Dataset entries
------------------------
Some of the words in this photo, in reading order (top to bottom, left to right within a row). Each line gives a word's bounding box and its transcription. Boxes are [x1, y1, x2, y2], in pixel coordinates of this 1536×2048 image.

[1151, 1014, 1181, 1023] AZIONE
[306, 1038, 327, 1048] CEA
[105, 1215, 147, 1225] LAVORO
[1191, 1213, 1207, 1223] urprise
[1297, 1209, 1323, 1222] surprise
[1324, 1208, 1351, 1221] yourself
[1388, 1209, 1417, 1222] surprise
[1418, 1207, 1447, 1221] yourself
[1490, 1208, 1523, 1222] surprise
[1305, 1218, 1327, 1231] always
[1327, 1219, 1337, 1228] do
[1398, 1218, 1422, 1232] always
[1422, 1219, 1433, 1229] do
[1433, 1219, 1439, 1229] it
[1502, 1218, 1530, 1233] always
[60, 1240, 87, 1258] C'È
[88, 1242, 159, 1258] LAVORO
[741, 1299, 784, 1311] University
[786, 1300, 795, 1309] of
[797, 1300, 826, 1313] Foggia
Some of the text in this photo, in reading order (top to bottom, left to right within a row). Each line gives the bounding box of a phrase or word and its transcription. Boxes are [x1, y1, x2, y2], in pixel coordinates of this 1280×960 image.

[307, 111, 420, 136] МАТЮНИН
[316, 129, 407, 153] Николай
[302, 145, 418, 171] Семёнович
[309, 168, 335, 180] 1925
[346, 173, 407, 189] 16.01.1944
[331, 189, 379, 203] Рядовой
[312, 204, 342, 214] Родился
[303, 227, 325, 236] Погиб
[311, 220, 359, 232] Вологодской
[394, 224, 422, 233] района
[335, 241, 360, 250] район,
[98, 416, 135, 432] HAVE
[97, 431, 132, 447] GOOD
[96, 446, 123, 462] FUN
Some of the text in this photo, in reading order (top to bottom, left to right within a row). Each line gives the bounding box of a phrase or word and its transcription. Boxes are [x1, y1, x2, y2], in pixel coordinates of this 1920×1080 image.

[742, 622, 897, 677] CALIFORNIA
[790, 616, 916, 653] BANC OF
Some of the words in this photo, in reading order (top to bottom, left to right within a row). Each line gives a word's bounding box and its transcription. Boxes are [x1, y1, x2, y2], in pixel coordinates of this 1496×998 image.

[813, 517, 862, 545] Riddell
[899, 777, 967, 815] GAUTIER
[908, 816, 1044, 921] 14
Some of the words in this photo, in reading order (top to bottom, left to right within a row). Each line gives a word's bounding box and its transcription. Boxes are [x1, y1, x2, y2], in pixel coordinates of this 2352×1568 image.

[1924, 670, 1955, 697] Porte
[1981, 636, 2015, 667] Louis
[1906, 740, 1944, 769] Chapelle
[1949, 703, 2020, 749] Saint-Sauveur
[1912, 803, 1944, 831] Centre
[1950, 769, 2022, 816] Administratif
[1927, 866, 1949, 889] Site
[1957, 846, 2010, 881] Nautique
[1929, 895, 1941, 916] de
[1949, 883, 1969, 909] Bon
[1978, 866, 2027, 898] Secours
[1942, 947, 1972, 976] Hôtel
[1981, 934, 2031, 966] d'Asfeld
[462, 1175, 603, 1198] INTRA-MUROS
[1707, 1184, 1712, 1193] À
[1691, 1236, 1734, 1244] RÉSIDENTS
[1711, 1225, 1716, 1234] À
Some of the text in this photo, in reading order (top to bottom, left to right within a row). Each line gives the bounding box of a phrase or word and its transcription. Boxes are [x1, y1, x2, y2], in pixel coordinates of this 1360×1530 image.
------------------------
# Work item
Using the data above, repeat every line exactly.

# Response
Some of the words in this photo, in reading order (top to bottom, left to right within a row). Each line gives a word's bounding box and its transcription. Boxes are [x1, y1, x2, y2], in pixel coordinates of this 1536×2048 image.

[1151, 1014, 1181, 1023] AZIONE
[306, 1038, 327, 1048] CEA
[105, 1215, 147, 1225] LAVORO
[1191, 1213, 1207, 1223] urprise
[1297, 1209, 1323, 1222] surprise
[1324, 1208, 1351, 1221] yourself
[1388, 1209, 1417, 1222] surprise
[1418, 1207, 1447, 1221] yourself
[1490, 1208, 1523, 1222] surprise
[1305, 1218, 1327, 1231] always
[1327, 1219, 1337, 1228] do
[1398, 1218, 1422, 1232] always
[1422, 1219, 1433, 1229] do
[1433, 1219, 1439, 1229] it
[1502, 1218, 1530, 1233] always
[60, 1240, 87, 1258] C'È
[88, 1242, 159, 1258] LAVORO
[741, 1299, 784, 1311] University
[786, 1300, 795, 1309] of
[797, 1300, 826, 1313] Foggia
Some of the text in this photo, in reading order (top to bottom, left to right within a row). Each line gives the bounding box of a phrase or word and its transcription. Boxes are [x1, y1, x2, y2], in pixel coordinates of this 1280×960 image.

[307, 111, 420, 136] МАТЮНИН
[316, 129, 407, 153] Николай
[302, 145, 418, 171] Семёнович
[309, 168, 335, 180] 1925
[346, 173, 407, 189] 16.01.1944
[331, 189, 379, 203] Рядовой
[312, 204, 342, 214] Родился
[303, 227, 325, 236] Погиб
[311, 220, 359, 232] Вологодской
[394, 224, 422, 233] района
[335, 241, 360, 250] район,
[98, 416, 135, 432] HAVE
[97, 431, 132, 447] GOOD
[96, 446, 123, 462] FUN
Some of the text in this photo, in reading order (top to bottom, left to right within a row). Each line gives the bounding box of a phrase or word and its transcription. Boxes are [x1, y1, x2, y2], in pixel coordinates of this 1920×1080 image.

[742, 622, 897, 677] CALIFORNIA
[790, 616, 916, 653] BANC OF
Some of the words in this photo, in reading order (top to bottom, left to right within a row). Each line gives a word's bounding box and its transcription. Boxes are [x1, y1, x2, y2], in pixel coordinates of this 1496×998 image.

[813, 517, 862, 545] Riddell
[899, 777, 967, 815] GAUTIER
[908, 816, 1044, 921] 14
Some of the words in this photo, in reading order (top to bottom, left to right within a row). Each line gives a word's bounding box and its transcription. Boxes are [x1, y1, x2, y2], in pixel coordinates of this 2352×1568 image.

[1924, 670, 1955, 697] Porte
[1981, 636, 2015, 667] Louis
[1906, 740, 1944, 769] Chapelle
[1949, 703, 2020, 749] Saint-Sauveur
[1912, 803, 1944, 831] Centre
[1950, 769, 2022, 816] Administratif
[1927, 866, 1949, 889] Site
[1957, 846, 2010, 881] Nautique
[1929, 895, 1941, 916] de
[1949, 883, 1969, 909] Bon
[1978, 866, 2027, 898] Secours
[1942, 947, 1972, 976] Hôtel
[1981, 934, 2031, 966] d'Asfeld
[462, 1175, 603, 1198] INTRA-MUROS
[1707, 1184, 1712, 1193] À
[1691, 1236, 1734, 1244] RÉSIDENTS
[1711, 1225, 1716, 1234] À
Some of the text in this photo, in reading order (top to bottom, left to right within a row). Each line gives the bounding box of a phrase or word and its transcription. Boxes are [x1, y1, x2, y2], in pixel coordinates of this 1360×1530 image.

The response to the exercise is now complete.